Updating declarative XML content types

Thu, Sep 15, 2011 4-minute read

Becoming a SharePoint developer is always a journey - every new day you spend doing something, the more you learn. More often than not, the more “little subtleties” you uncover about the great wide SharePoint platform. I recently tripped over one such example. This “issue” is not new in SharePoint development - it certainly goes back as far as MOSS2007, but unless you’re actually doing it, it’s not something you’d instinctively just know.

Creating content types via XML Visual Studio

As soon as you start building SharePoint solutions of any real size and complexity, you’ll quickly learn that creating fields and content types via the UI, or SharePoint Designer, is not a great solution. For instance, there’s no supported way to move a SPD designed solution from e.g., Dev to Live - that is, with SPD, you design directly against live. This can be OK for initial deployments, but as soon as the system has data in and you need to start potentially breaking things, this is not a good place to be in. The alternative to this is develop Visual Studio solutions and features, which are deployable pretty much wherever you’d like. You can define fields and content types in XML, and when you’re finished, package it all up and deploy. Simple, right? Well, no, not necessarily - as I mentioned recently, this process is not without its bugs and issues.

I’ve deployed a few solutions in this way, and was (until today) singing the praises of deploying content types via XML, thinking how wonderful it was to have the flexibility to build in dev, test and then deploy (i.e. what you can’t do with SPD). And of course, if you make any changes, you can update your solution and hey presto, nice neat update.

Well, that’s all good in theory apart from the last bit - deploying changes to existing XML content types. - it’s not supported! (Well, you can do it, but any list content types created from the site content type won’t receive any of the changes, unless you blow away the list content type and recreate it, which is obviously a bit of a problem if you’ve actually got stuff in the system using that list content type.) This sums it up quite nicely:

Be aware that Content Type deployment via Features using declarative XML
doesn’t work with inheritance changes. For example, your content type ‘Letter’
is deployed via a Feature using XML. You use this content type in various
locations in your site collection. You add a new field to your content type
using XML and redeploy via the Feature. Your original content type that is used
in lists doesn’t change, however if you add the updated content type to a new
list it displays the new field.

Microsoft’s version is pretty succinct on the issue. Don’t do it!

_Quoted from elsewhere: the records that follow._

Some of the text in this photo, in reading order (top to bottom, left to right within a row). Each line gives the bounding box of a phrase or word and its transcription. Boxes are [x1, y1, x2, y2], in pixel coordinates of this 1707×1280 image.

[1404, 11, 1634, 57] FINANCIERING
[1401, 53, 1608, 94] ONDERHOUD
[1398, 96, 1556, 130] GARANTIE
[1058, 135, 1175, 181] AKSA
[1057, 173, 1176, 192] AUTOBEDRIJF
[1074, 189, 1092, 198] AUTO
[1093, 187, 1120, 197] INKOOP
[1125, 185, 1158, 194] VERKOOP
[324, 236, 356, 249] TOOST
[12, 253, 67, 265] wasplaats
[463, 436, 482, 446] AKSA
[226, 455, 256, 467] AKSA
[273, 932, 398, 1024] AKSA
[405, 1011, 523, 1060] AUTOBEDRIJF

So what are your options? Well, it’s not a new issue - some chaps as far back as SP2007 have discussed this, and even come up with some means (e.g., stsadm extensions) to try and do the update for you: ) I’m a bit nervous about those extensions though, as they seem an entirely brute force (i.e., compare old vs new and try and work out what should be done.) way of doing things.

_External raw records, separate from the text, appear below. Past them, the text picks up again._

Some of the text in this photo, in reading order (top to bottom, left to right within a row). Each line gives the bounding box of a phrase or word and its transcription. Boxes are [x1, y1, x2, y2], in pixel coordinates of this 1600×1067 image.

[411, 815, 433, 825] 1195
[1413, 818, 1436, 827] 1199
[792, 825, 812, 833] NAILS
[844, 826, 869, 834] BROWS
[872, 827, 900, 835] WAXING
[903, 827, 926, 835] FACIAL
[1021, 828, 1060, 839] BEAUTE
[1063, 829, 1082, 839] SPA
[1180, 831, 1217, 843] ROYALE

I’m a bit baffled by MS’s opinion on this - they clearly say that to update provisioned content types you should do it through the UI (?! ugh.) or via code and the object model. I suppose it depends what sort of changes you want to make. If you’re just adding a field, then perhaps it’s not too bad. But for me it introduces all kinds of maintenance headaches. Should you update your solution so that the content type XML is up to date with the new field, so that if you ever rebuilt the system it would match? Should you deploy your updates to the content type as a feature, or just run it one time in a console app?

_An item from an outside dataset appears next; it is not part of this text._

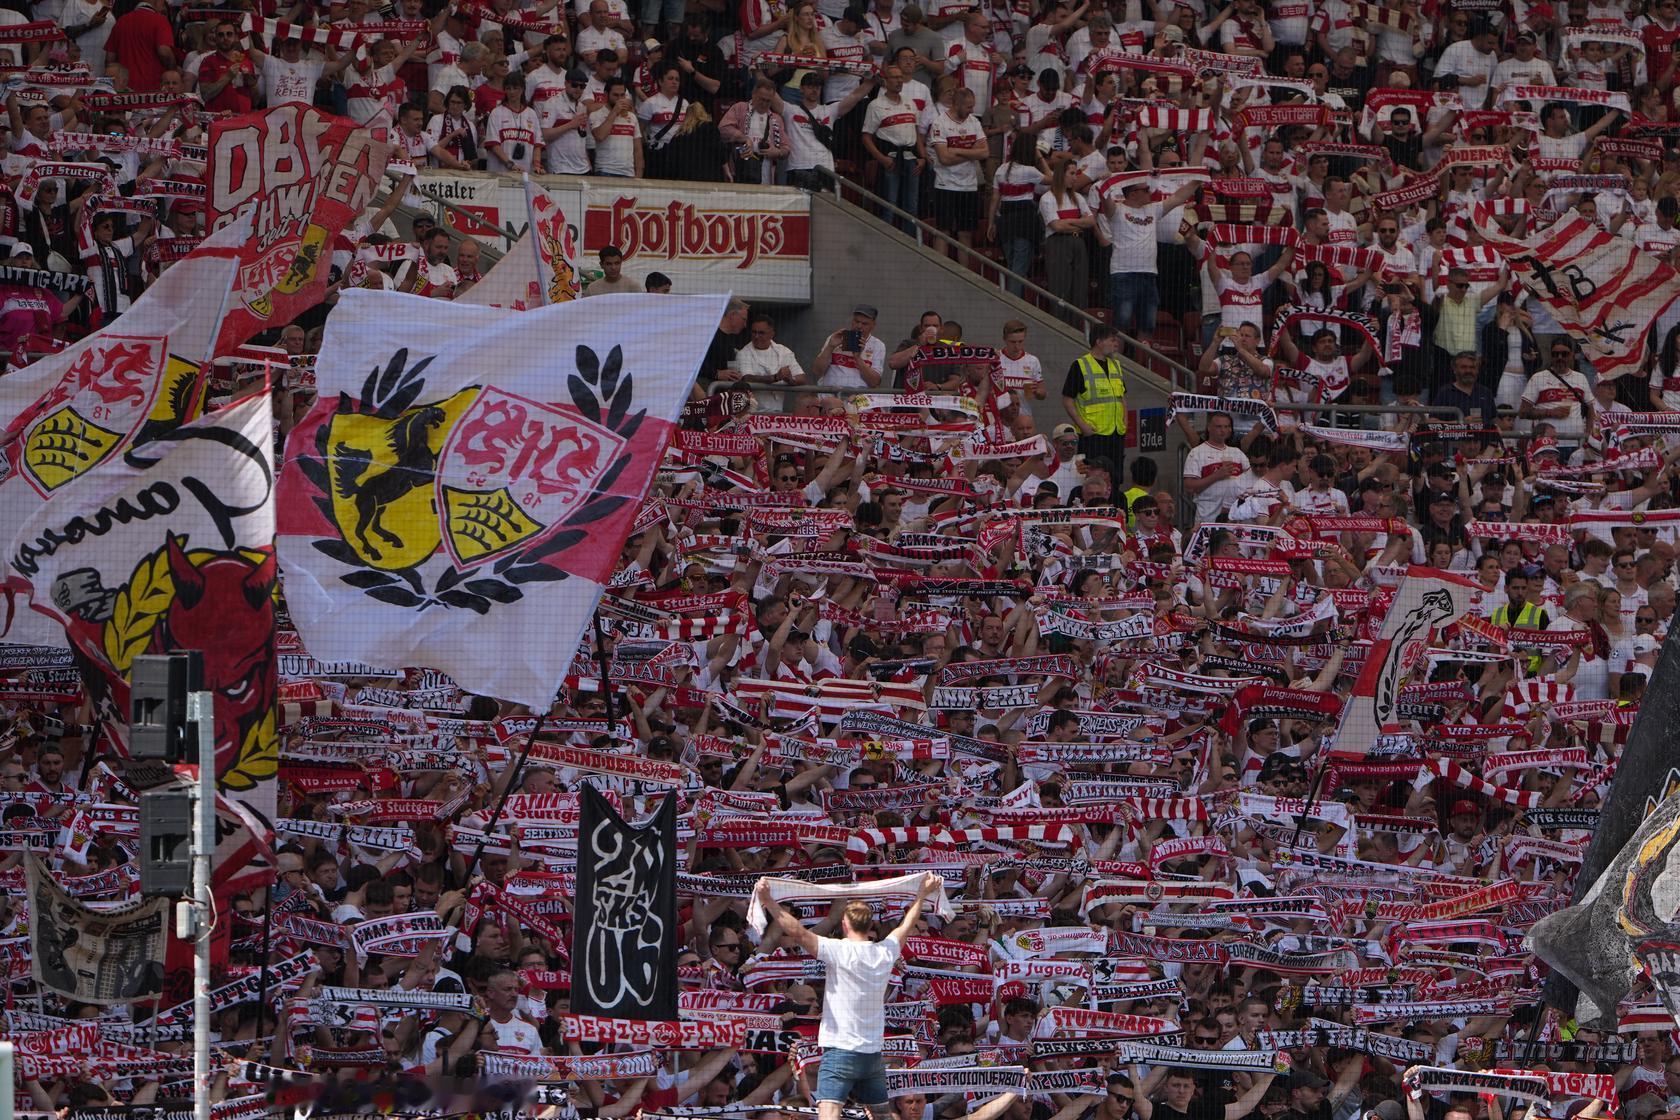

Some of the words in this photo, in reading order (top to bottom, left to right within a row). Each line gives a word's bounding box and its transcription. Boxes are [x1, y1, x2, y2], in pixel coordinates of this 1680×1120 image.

[373, 243, 406, 259] VfB
[965, 981, 1020, 998] Stuttart
[1052, 1010, 1165, 1033] STUTTGART

My particular issue is that I’m using the new Document Sets feature and due to aforementioned bug feature of the CT, the XMLDocuments I wanted to deploy didn’t deploy. I now want to redeploy the Document Set CT with the updates (and some extra columns to support new functionality), but I “can’t” do this via redeploying the XML Content TYpe. So my options are:

  1. Update the feature. Redeploy to site. Keep copy of all data in all libraries using the CT, blow them away, recreate and copy data back in. RISKY!
  2. Update the site content type via code. OK if the changes are trivial, I suppose.
  3. Update via UI - yuck.

I’m not decided yet… I *suppose* #2 is the way to go. I’m intrigued to know why, though, an update to XML Content Type can’t be pushed down to CTs that already inherit from it.